Task:
Return the entries verbatim and drop every picture.

************

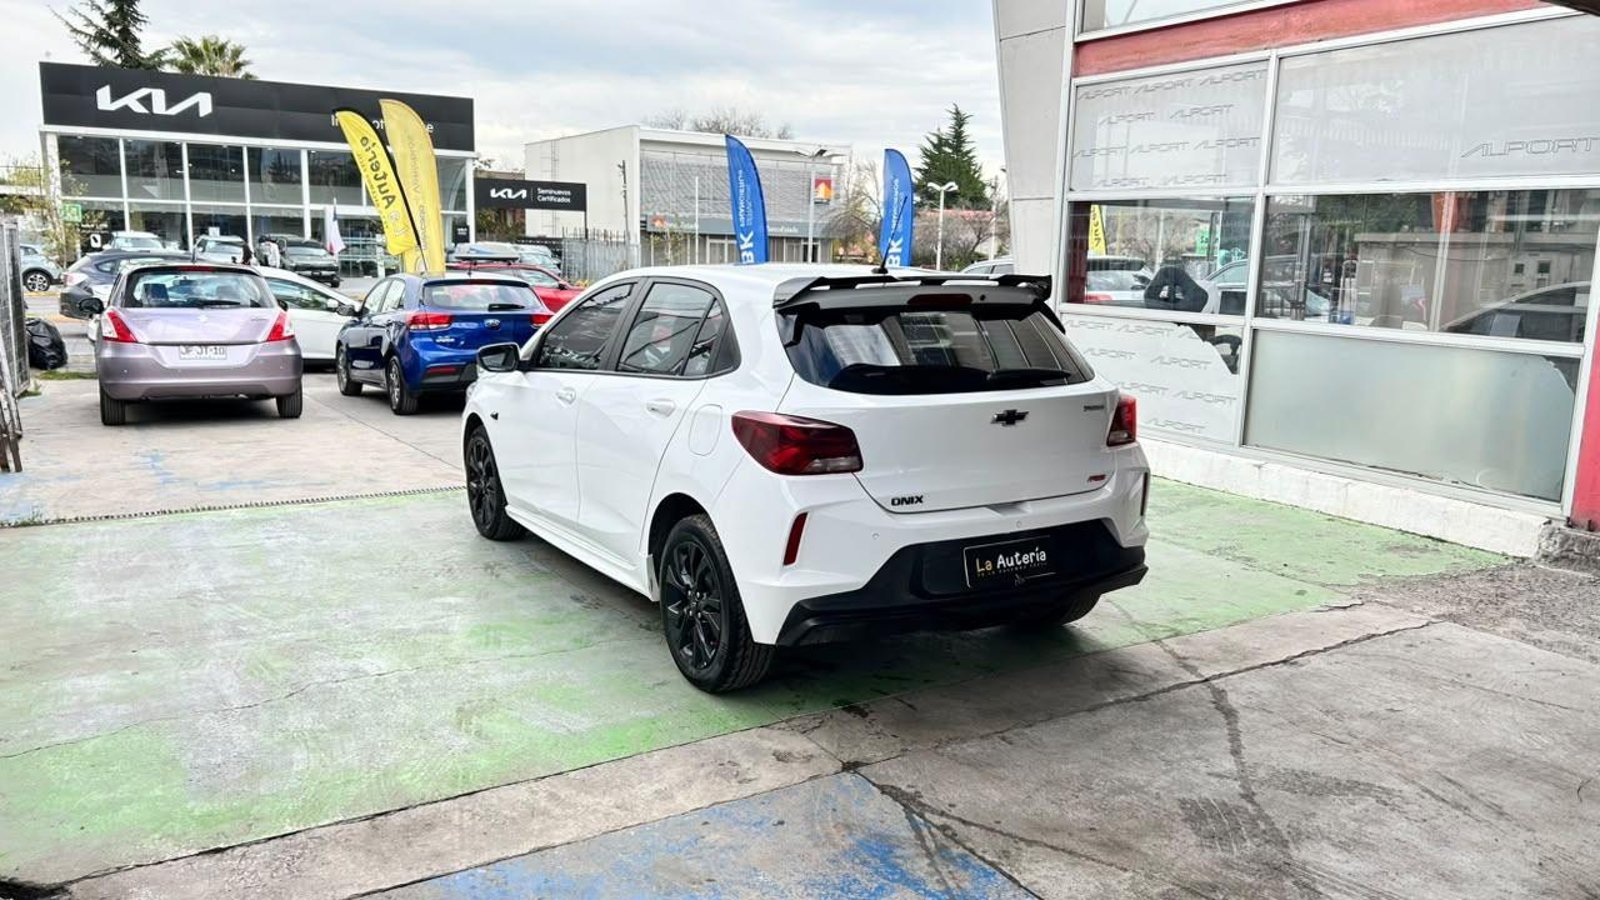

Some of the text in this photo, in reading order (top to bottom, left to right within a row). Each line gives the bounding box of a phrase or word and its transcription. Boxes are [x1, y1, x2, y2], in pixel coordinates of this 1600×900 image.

[1135, 79, 1193, 95] ALPORT
[1200, 70, 1267, 86] ALPORT
[1099, 104, 1234, 125] ALPORT ALPORT
[1130, 143, 1189, 154] ALPORT
[1193, 136, 1260, 150] ALPORT
[1461, 136, 1600, 158] ALPORT
[537, 187, 572, 196] Seminuevos
[537, 195, 571, 203] Certificados
[1117, 324, 1174, 337] ALPORT
[1151, 355, 1212, 370] ALPORT
[1173, 390, 1237, 405] ALPORT
[891, 495, 924, 506] ONIX
[976, 546, 1047, 572] La Autería
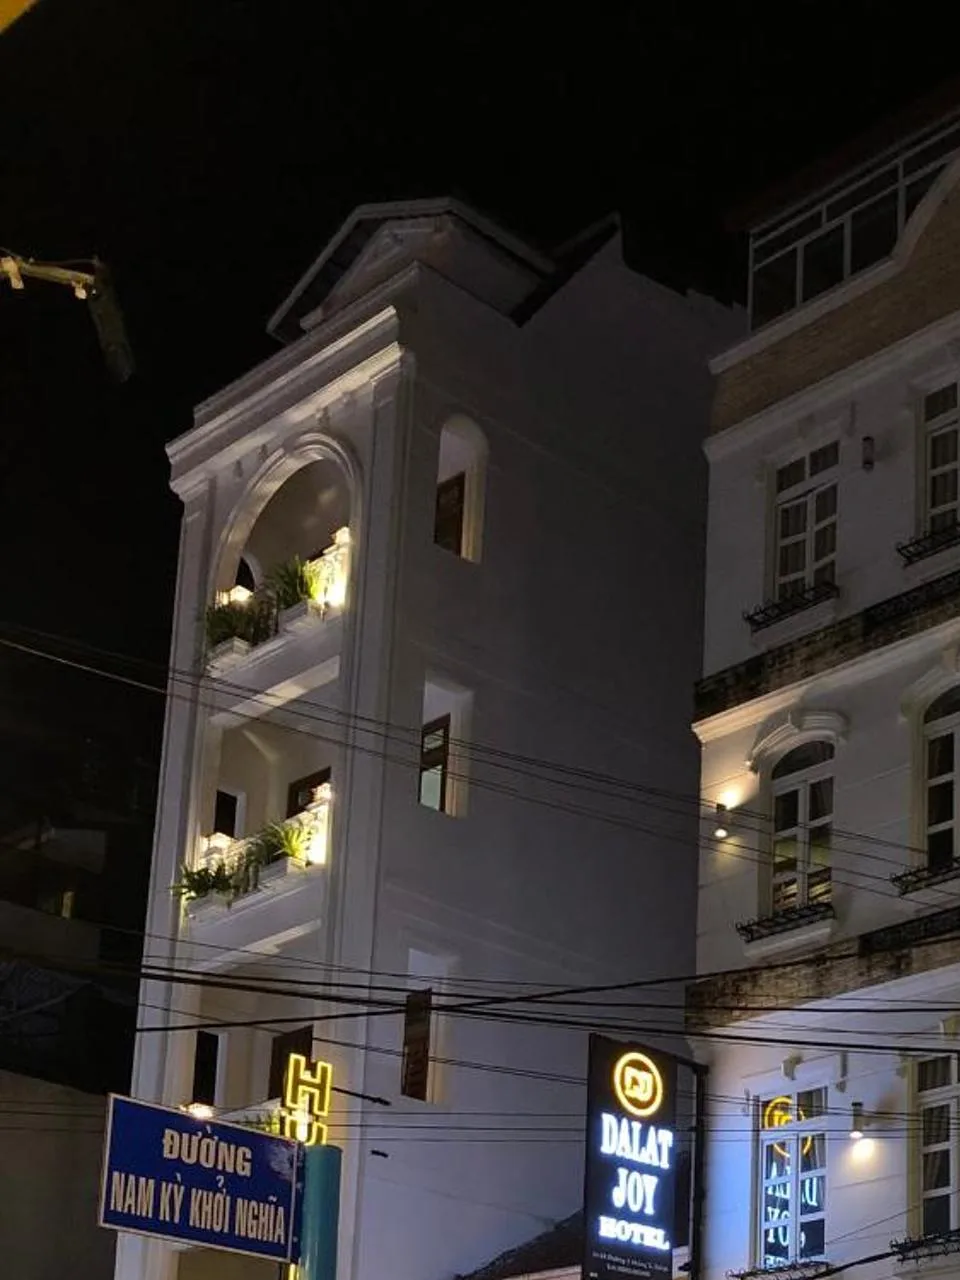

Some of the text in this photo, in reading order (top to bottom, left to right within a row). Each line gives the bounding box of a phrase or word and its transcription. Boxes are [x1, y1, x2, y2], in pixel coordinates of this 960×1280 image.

[162, 1126, 253, 1178] ĐƯỜNG
[600, 1112, 673, 1169] DALAT
[110, 1170, 286, 1245] NAM KỲ KHỞI NGHĨA
[612, 1167, 659, 1215] JOY
[598, 1215, 670, 1251] HOTEL

************

Answer section:
Some of the text in this photo, in reading order (top to bottom, left to right within a row). Each line gives the bounding box of a phrase or word and its transcription. Boxes are [x1, y1, x2, y2], in pixel coordinates of this 1600×900 image.

[1135, 79, 1193, 95] ALPORT
[1200, 70, 1267, 86] ALPORT
[1099, 104, 1234, 125] ALPORT ALPORT
[1130, 143, 1189, 154] ALPORT
[1193, 136, 1260, 150] ALPORT
[1461, 136, 1600, 158] ALPORT
[537, 187, 572, 196] Seminuevos
[537, 195, 571, 203] Certificados
[1117, 324, 1174, 337] ALPORT
[1151, 355, 1212, 370] ALPORT
[1173, 390, 1237, 405] ALPORT
[891, 495, 924, 506] ONIX
[976, 546, 1047, 572] La Autería

Some of the text in this photo, in reading order (top to bottom, left to right within a row). Each line gives the bounding box of a phrase or word and its transcription. Boxes are [x1, y1, x2, y2], in pixel coordinates of this 960×1280 image.

[162, 1126, 253, 1178] ĐƯỜNG
[600, 1112, 673, 1169] DALAT
[110, 1170, 286, 1245] NAM KỲ KHỞI NGHĨA
[612, 1167, 659, 1215] JOY
[598, 1215, 670, 1251] HOTEL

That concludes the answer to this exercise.